Three bank accounts at two area banks comprise the master bank account. These accounts are used for accounts payable, payroll and other significant revenue transactions.

There was one finding related to the operations of the master account, which has three elements: the timely preparation of bank reconciliation, unreconciled differences and the Uniform Unclaimed Property Act.

Timely preparation of bank reconciliation: Auditors said they did not receive the June reconciliation for the master bank account until late in November. Upon inspecting the reconciliation, auditors said they found "sizeable" unreconciled differences and asked the board to revise the reconciliation as necessary. It was not finalized until mid-December.

Auditors recommended that the business director monitor the general fund accountant responsible for bank reconciliations to ensure they are completed in a timely manner.

Unreconciled differences: In November, auditors noted a $106,438 difference between the recorded general ledger balance and the reconciled (but unadjusted) general ledger balance.
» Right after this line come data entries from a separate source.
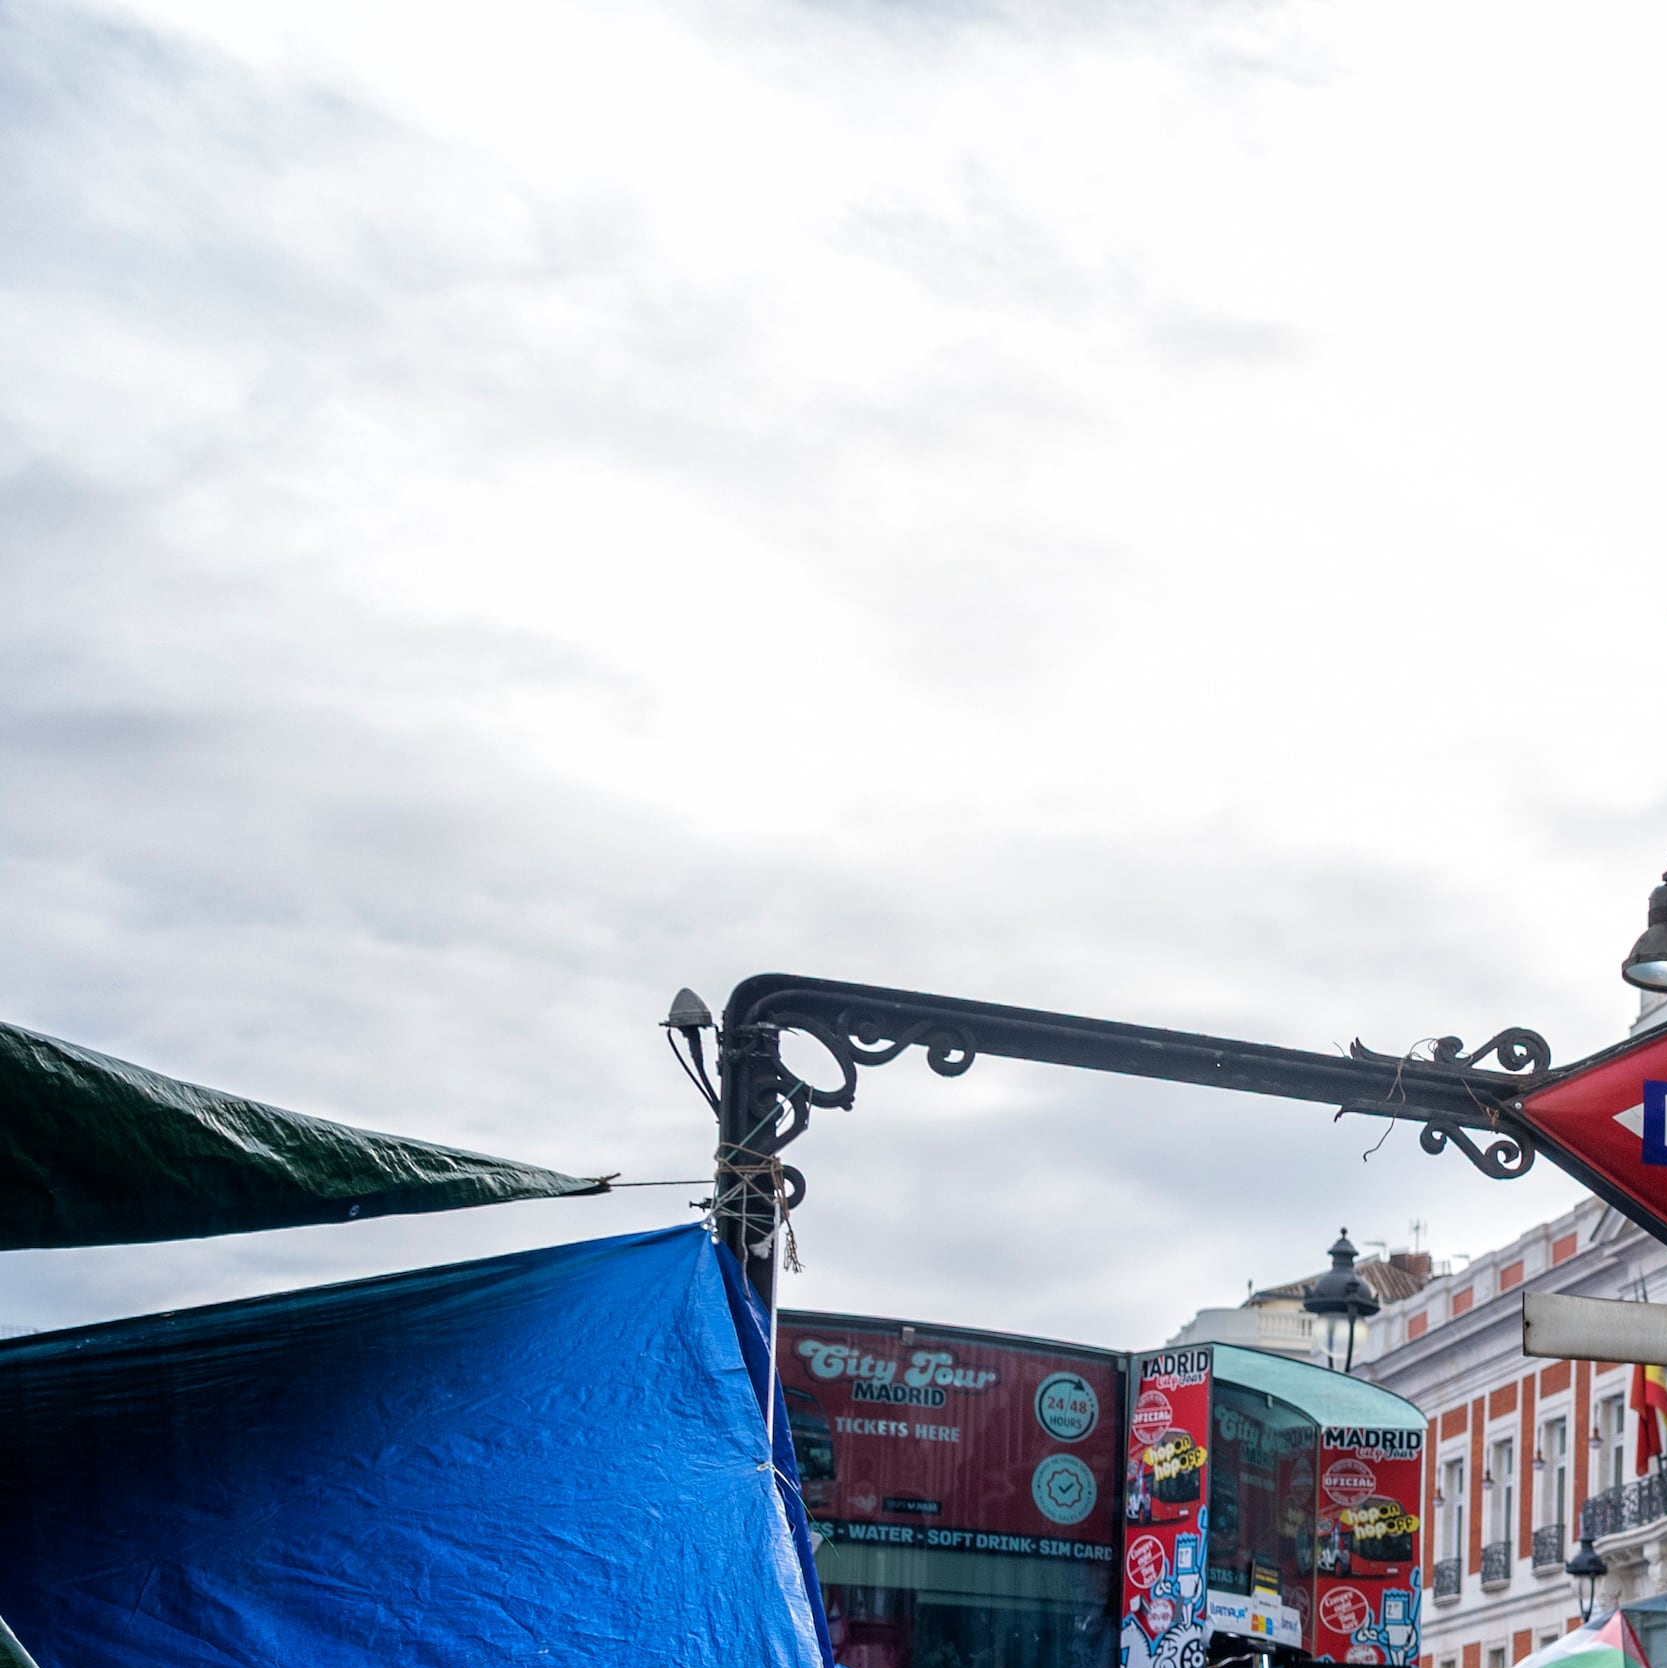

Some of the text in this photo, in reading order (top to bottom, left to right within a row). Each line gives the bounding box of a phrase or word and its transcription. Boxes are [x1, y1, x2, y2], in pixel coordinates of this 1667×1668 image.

[798, 1340, 997, 1390] City Tour
[853, 1380, 947, 1408] MADRID
[835, 1417, 960, 1443] TICKETS HERE
[1049, 1415, 1082, 1430] HOURS
[1326, 1429, 1420, 1449] MADRID
[1325, 1477, 1374, 1487] OFICIAL
[849, 1524, 913, 1543] WATER
[927, 1531, 974, 1548] SOFT
[1040, 1540, 1072, 1556] SIM
[1074, 1543, 1112, 1560] CARD
When they received the revised reconciliation in December, they noted $88,682 in unrecorded payroll transactions between the general ledger book balance ($28,362,036) and the reconciled book balance ($28,273,355). Auditors also noted an unreconciled difference of $35,060 ($28,273,355 book balance after the $88,682 adjustment versus the $28,238,294 reconciled bank balance).

Management believed the unreconciled differences primarily were direct deposits for accrued payrolls voided prior to June 30 that should have been reversed but were not. This resulted in an overstatement of cash and salaries payable of $87,013.
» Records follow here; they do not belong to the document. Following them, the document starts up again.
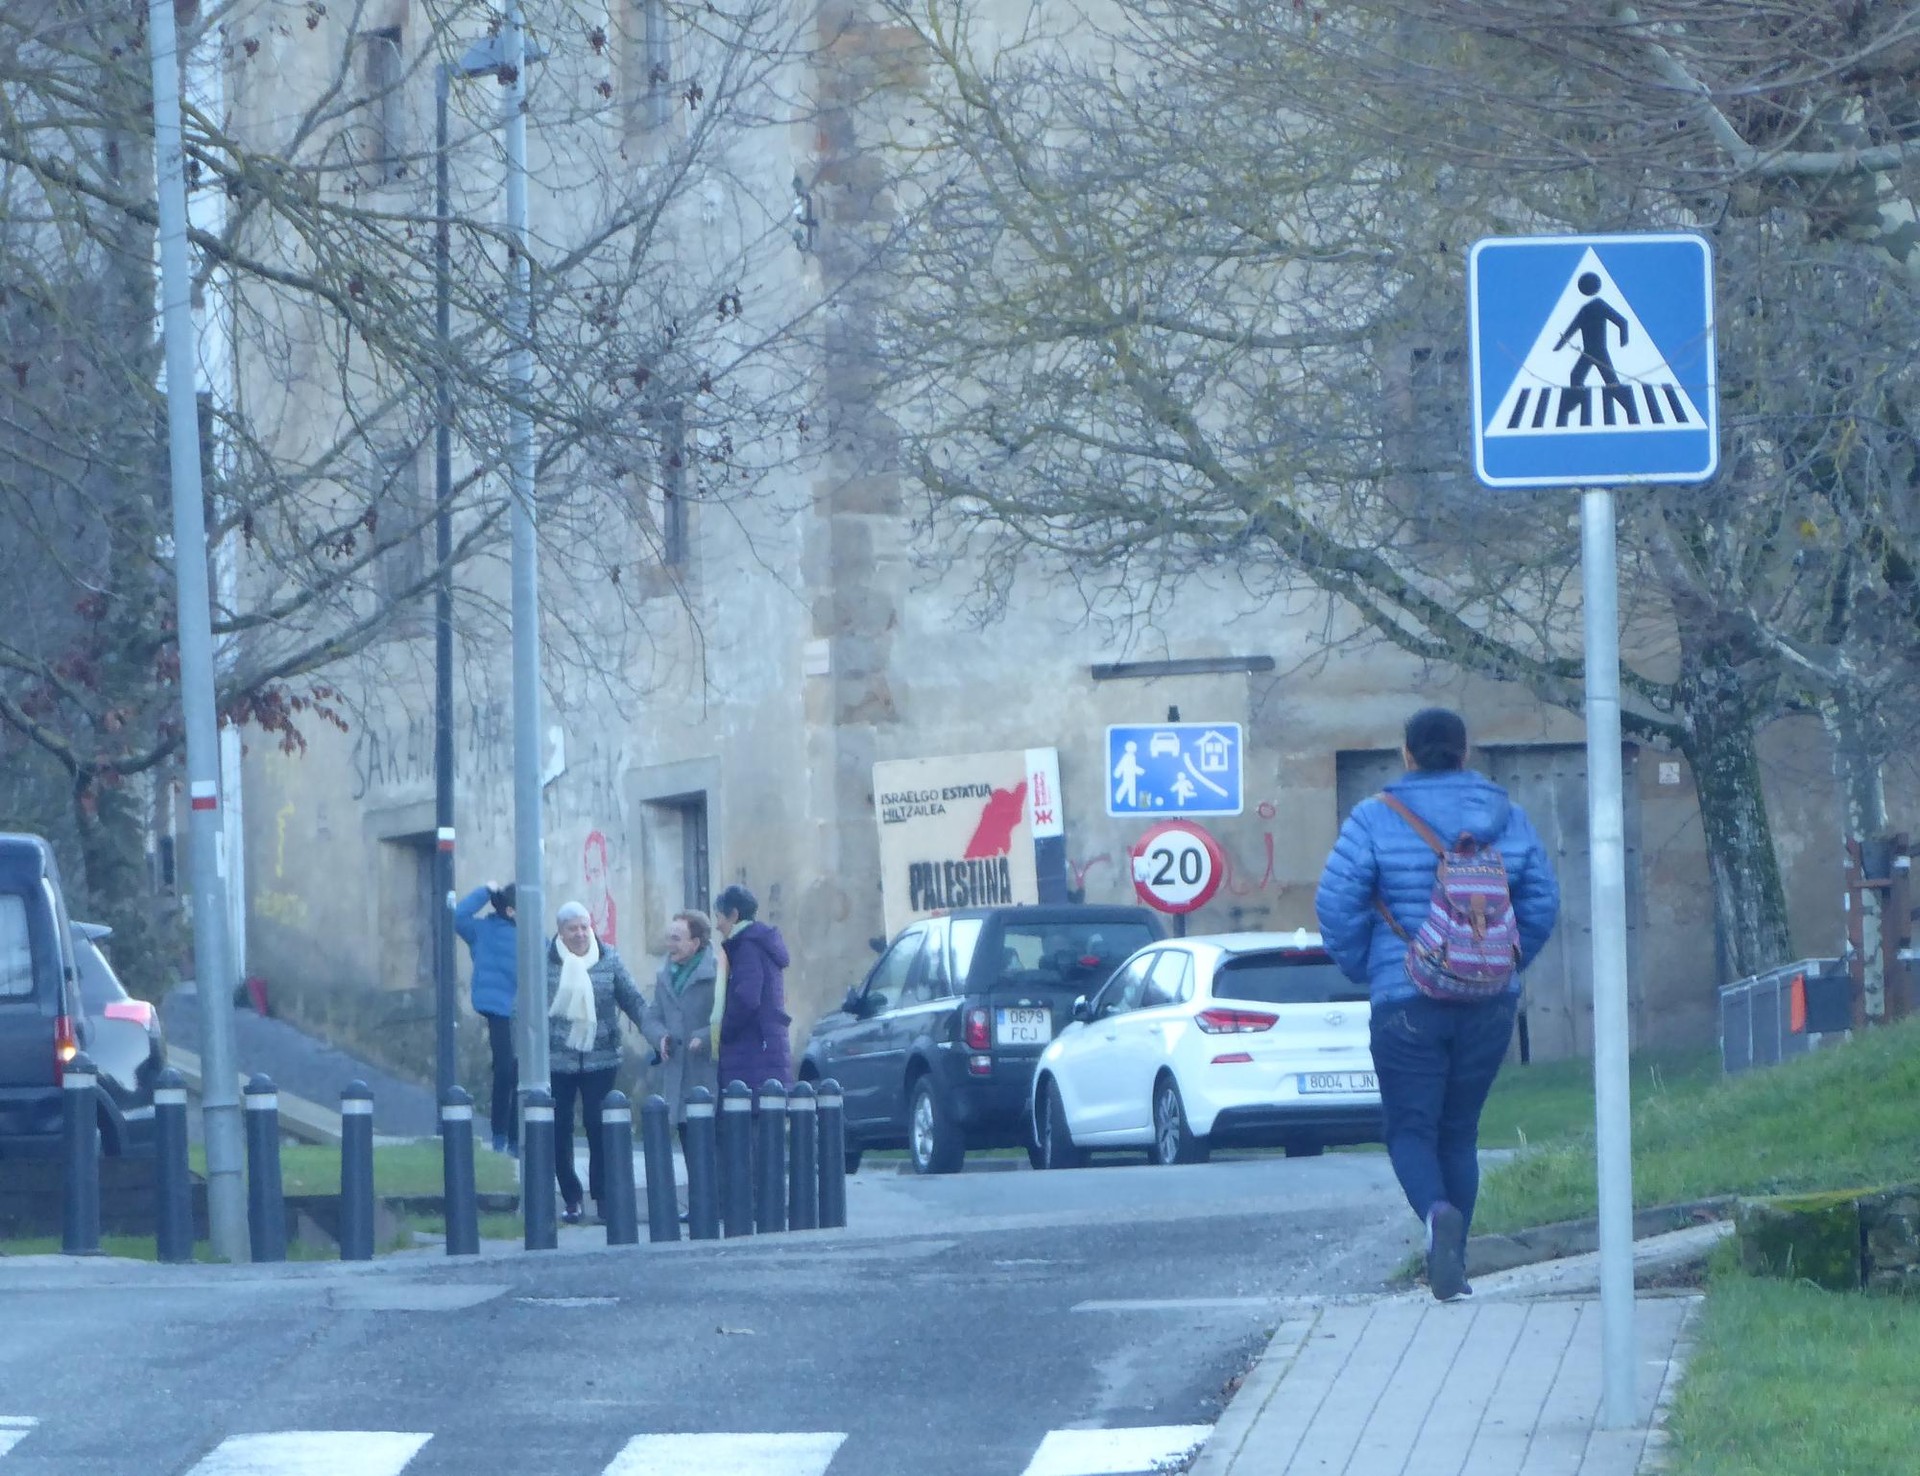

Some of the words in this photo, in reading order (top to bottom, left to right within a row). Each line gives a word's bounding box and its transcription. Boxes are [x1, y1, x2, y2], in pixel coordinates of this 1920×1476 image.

[880, 789, 939, 805] ISRAELGO
[942, 783, 992, 801] ESTATUA
[882, 803, 946, 820] HILTZAILEA
[1151, 848, 1203, 886] 20
[909, 856, 1012, 912] PALESTINA
[1010, 1008, 1044, 1024] 0679
[1011, 1027, 1038, 1040] FCJ
[1310, 1074, 1343, 1089] 8004
[1349, 1074, 1375, 1088] LJN
"The majority of the unreconciled difference was the result of failing to make an accounting entry to reclassify voided net accrued payroll checks that were paid in error with our summer accrued payrolls for the month of June," Coker said. "The payments were appropriately recorded as voided checks at year end, but due to the End of Year closing process, those were previously reclassified as salaries payable and the voided transactions were not reclassified for the EOY close, which resulted in the error being discovered by our auditors."
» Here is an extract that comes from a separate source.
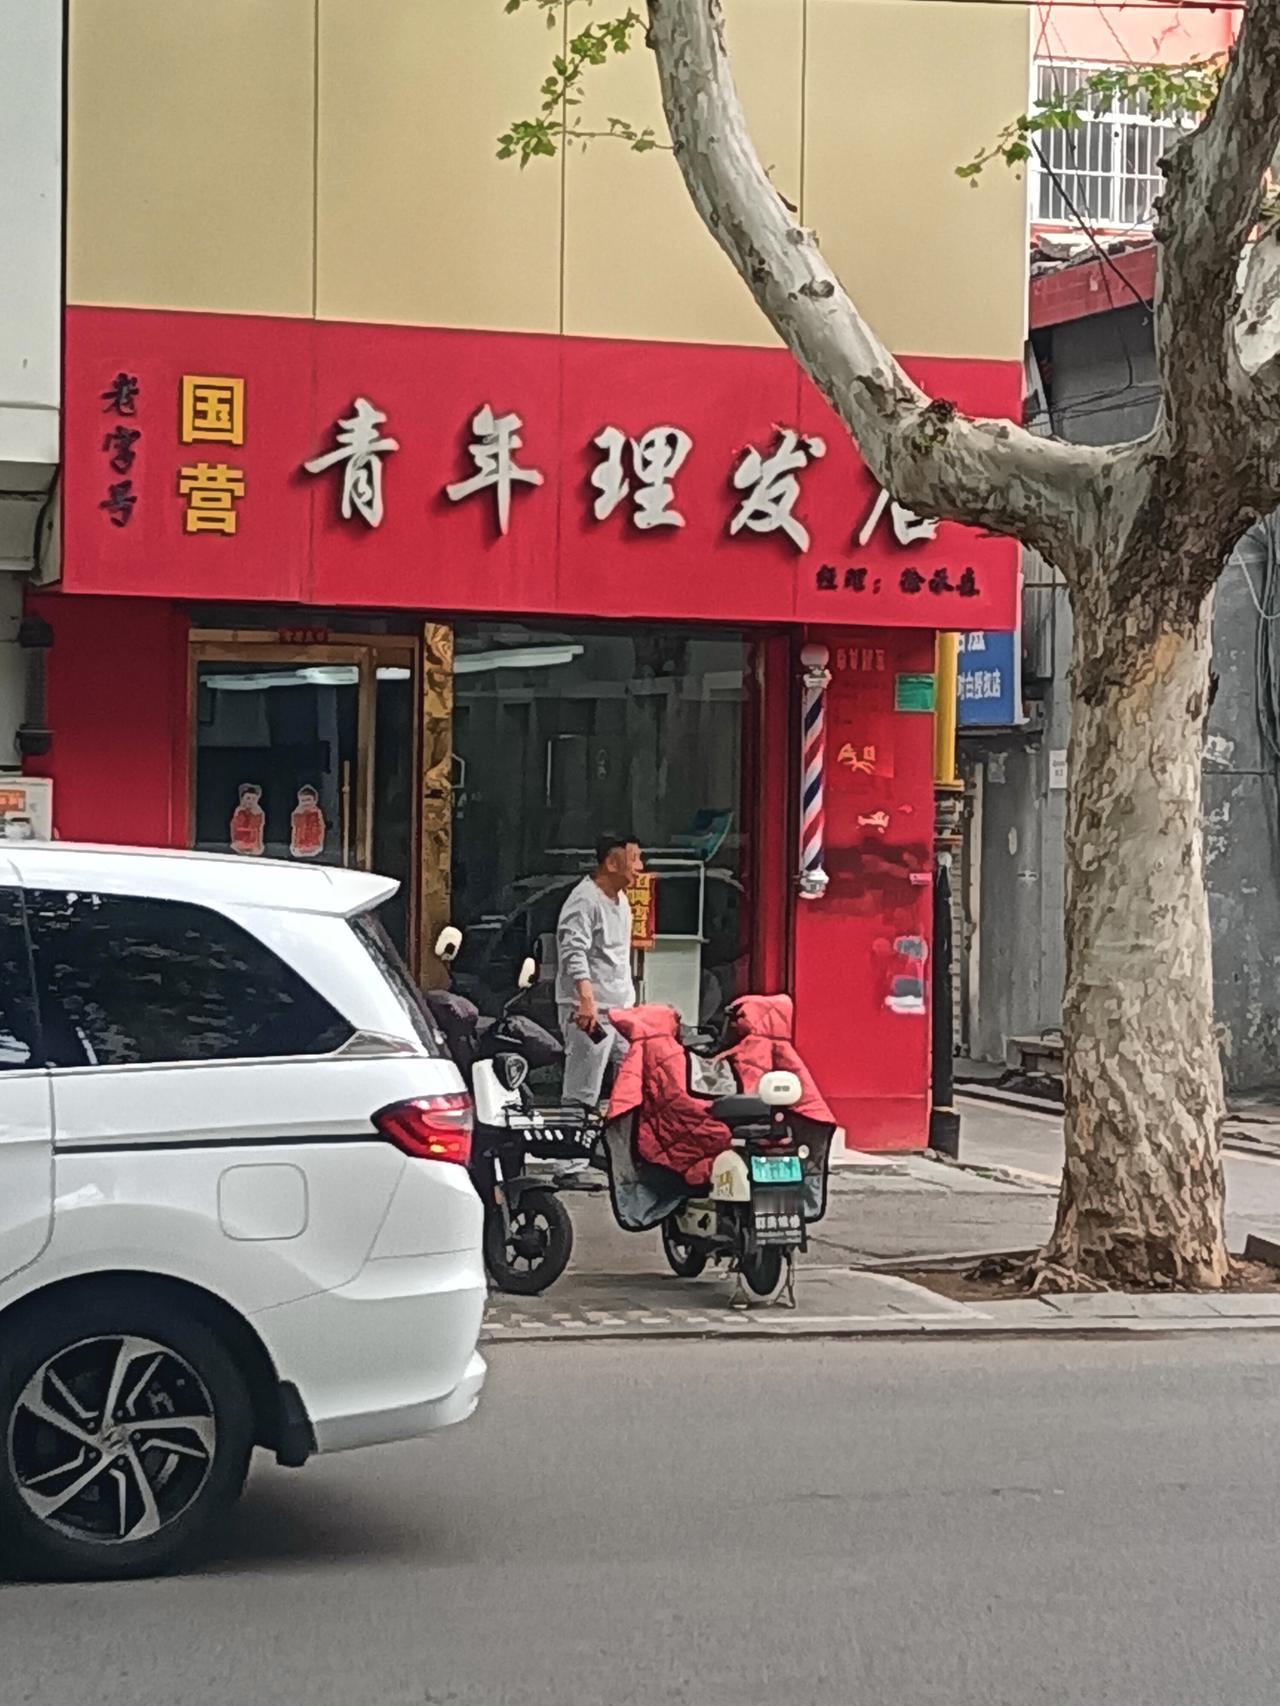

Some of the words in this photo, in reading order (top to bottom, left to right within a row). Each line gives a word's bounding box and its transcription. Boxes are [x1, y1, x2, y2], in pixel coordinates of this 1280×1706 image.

[100, 372, 141, 527] 老字号
[179, 374, 245, 534] 国营
Management attributed the remaining difference to the handling of voided checks and refunds to overpayments made to employees throughout the fiscal year.

Again, the auditors recommend that the business director monitor the general fund accountant responsible for reconciliations. Additionally, they suggested the board create a policy to require that reconciling items "be corrected via journal entry once the aggregate amount of misstatement exceeds a reasonable, low dollar threshold."

Though the misstatements were not material in the aggregate, auditors said enhanced procedures are needed for the handling and posting of voids and overpayment refunds to ensure the book balance of cash is accurate at all times.

Coker addresses chamber about parish schools

Uniform Unclaimed Property Act: Louisiana Revised Statute 9:151 requires that entities review records each year to determine whether they are in possession of abandoned property and forward property meeting certain criteria to the  Louisiana Department of the Treasury Unclaimed Property Division as unclaimed property.

During the auditor's review of cash, they found the board was in possession of 99 outstanding payroll checks totaling approximately $55,000 that were more than a year old and six payroll checks in excess of five years old that were totaled at about $1,000.

The board had not been filing the required annual reports.

Auditors recommended that the general fund accountant begin the process of compliance with the Uniform Unclaimed Property Act and review outstanding check lists to remove amounts that already have been paid from those lists. The board also should forward any checks that meet the requirements of unclaimed property to the Unclaimed Property Division.

"The staff responsible for filing these reports and monitoring employees checks did not have a clear understanding of how to file state unclaimed property reports," Coker said. "The district has attempted to contact employees to see why they have not cashed/deposited their checks in the past."

Management's response: The board will work to ensure a complete and accurate June reconciliation.

The board also will institute a firm deadline for full reconciliations by the close of the following month. These reconciliations will be submitted to the business director for review and approval by month's end.

The board also will follow the timeline set forth by the Uniform Unclaimed Property Act to determine whether checks should continue to be outstanding.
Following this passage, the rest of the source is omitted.